Saved data entries
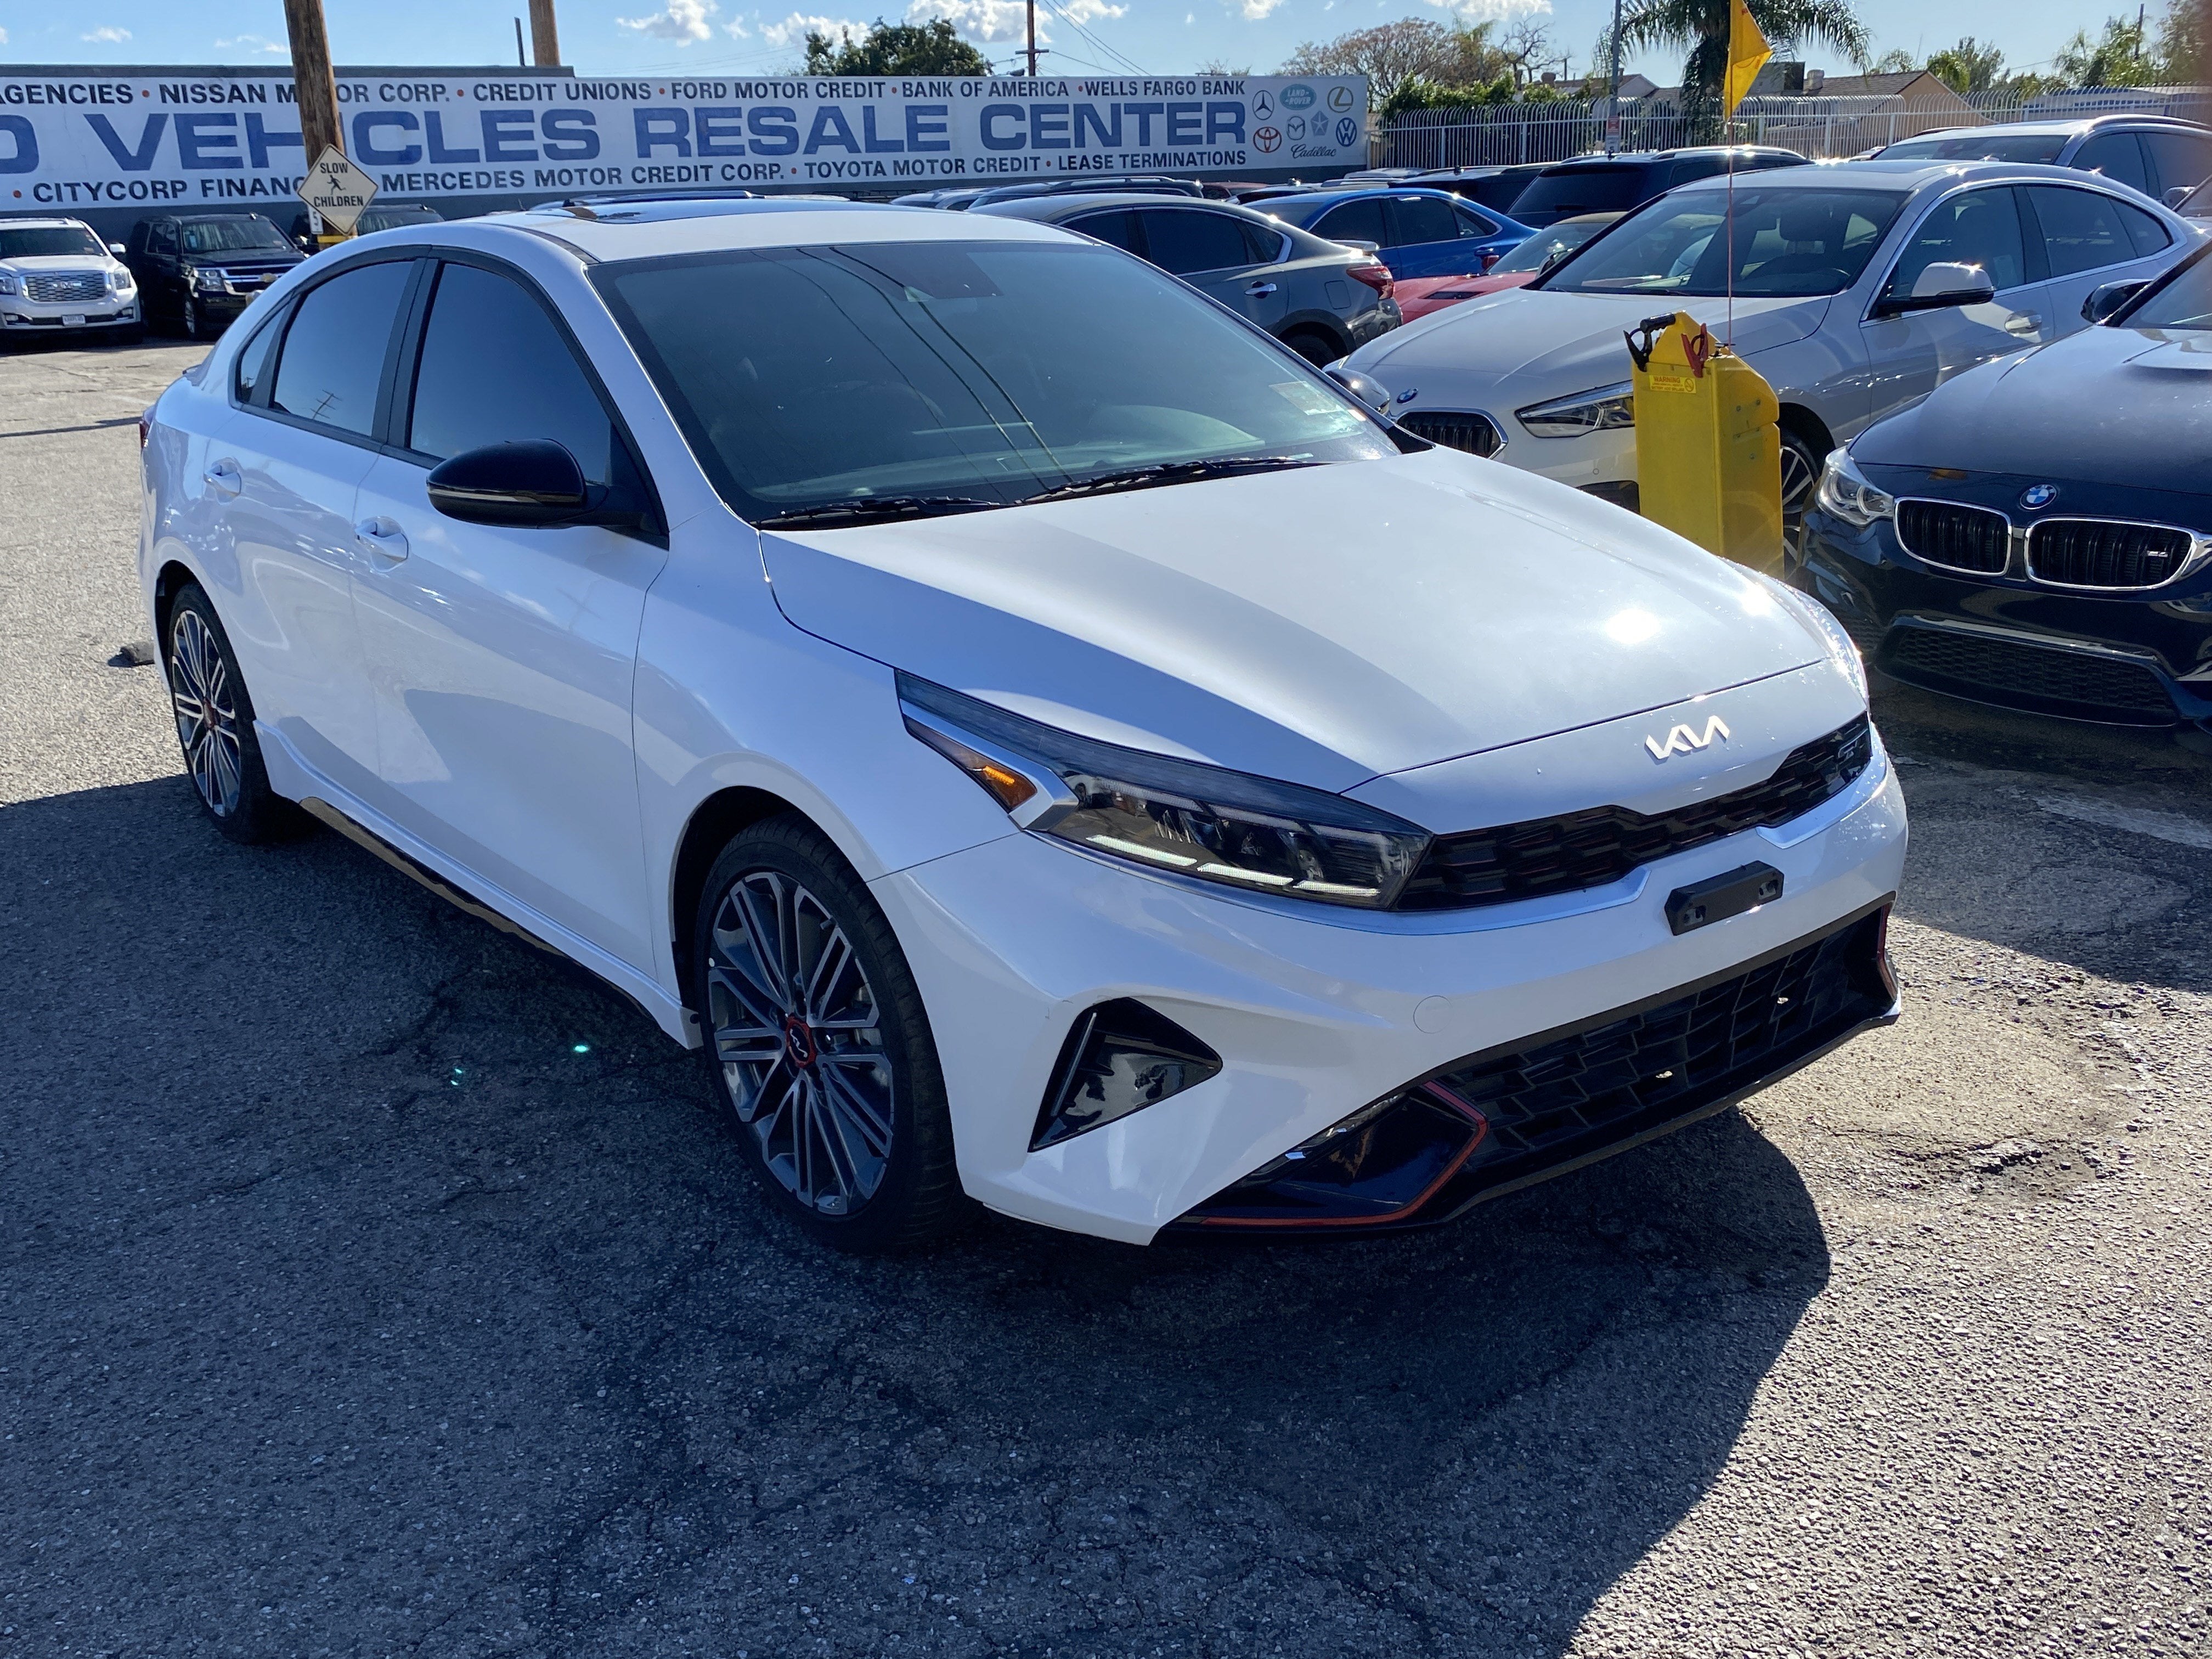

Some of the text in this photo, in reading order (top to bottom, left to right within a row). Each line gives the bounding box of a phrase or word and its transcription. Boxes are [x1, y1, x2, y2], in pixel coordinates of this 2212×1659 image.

[160, 83, 449, 103] NISSAN MOR CORP.
[473, 83, 651, 101] CREDIT UNIONS
[672, 82, 885, 99] FORD MOTOR CREDIT
[902, 82, 1069, 97] BANK OF AMERICA
[1085, 81, 1244, 95] WELLS FARGO BANK
[84, 109, 600, 171] VEHCLES
[634, 105, 950, 157] RESALE
[980, 101, 1245, 150] CENTER
[1059, 151, 1245, 170] LEASE TERMINATIONS
[1291, 144, 1337, 159] Cadillac
[320, 163, 348, 173] SLOW
[804, 156, 1040, 178] TOYOTA MOTOR CREDIT
[382, 163, 783, 191] MERCEDES MOTOR CREDIT CORP.
[33, 180, 187, 202] CITYCORP
[314, 196, 364, 207] CHILDREN

Instructions to follow =>
Once the pictures are removed, print all the remaining data exactly as it stands.

Result =>
Some of the text in this photo, in reading order (top to bottom, left to right within a row). Each line gives the bounding box of a phrase or word and its transcription. Boxes are [x1, y1, x2, y2], in pixel coordinates of this 2212×1659 image.

[160, 83, 449, 103] NISSAN MOR CORP.
[473, 83, 651, 101] CREDIT UNIONS
[672, 82, 885, 99] FORD MOTOR CREDIT
[902, 82, 1069, 97] BANK OF AMERICA
[1085, 81, 1244, 95] WELLS FARGO BANK
[84, 109, 600, 171] VEHCLES
[634, 105, 950, 157] RESALE
[980, 101, 1245, 150] CENTER
[1059, 151, 1245, 170] LEASE TERMINATIONS
[1291, 144, 1337, 159] Cadillac
[320, 163, 348, 173] SLOW
[804, 156, 1040, 178] TOYOTA MOTOR CREDIT
[382, 163, 783, 191] MERCEDES MOTOR CREDIT CORP.
[33, 180, 187, 202] CITYCORP
[314, 196, 364, 207] CHILDREN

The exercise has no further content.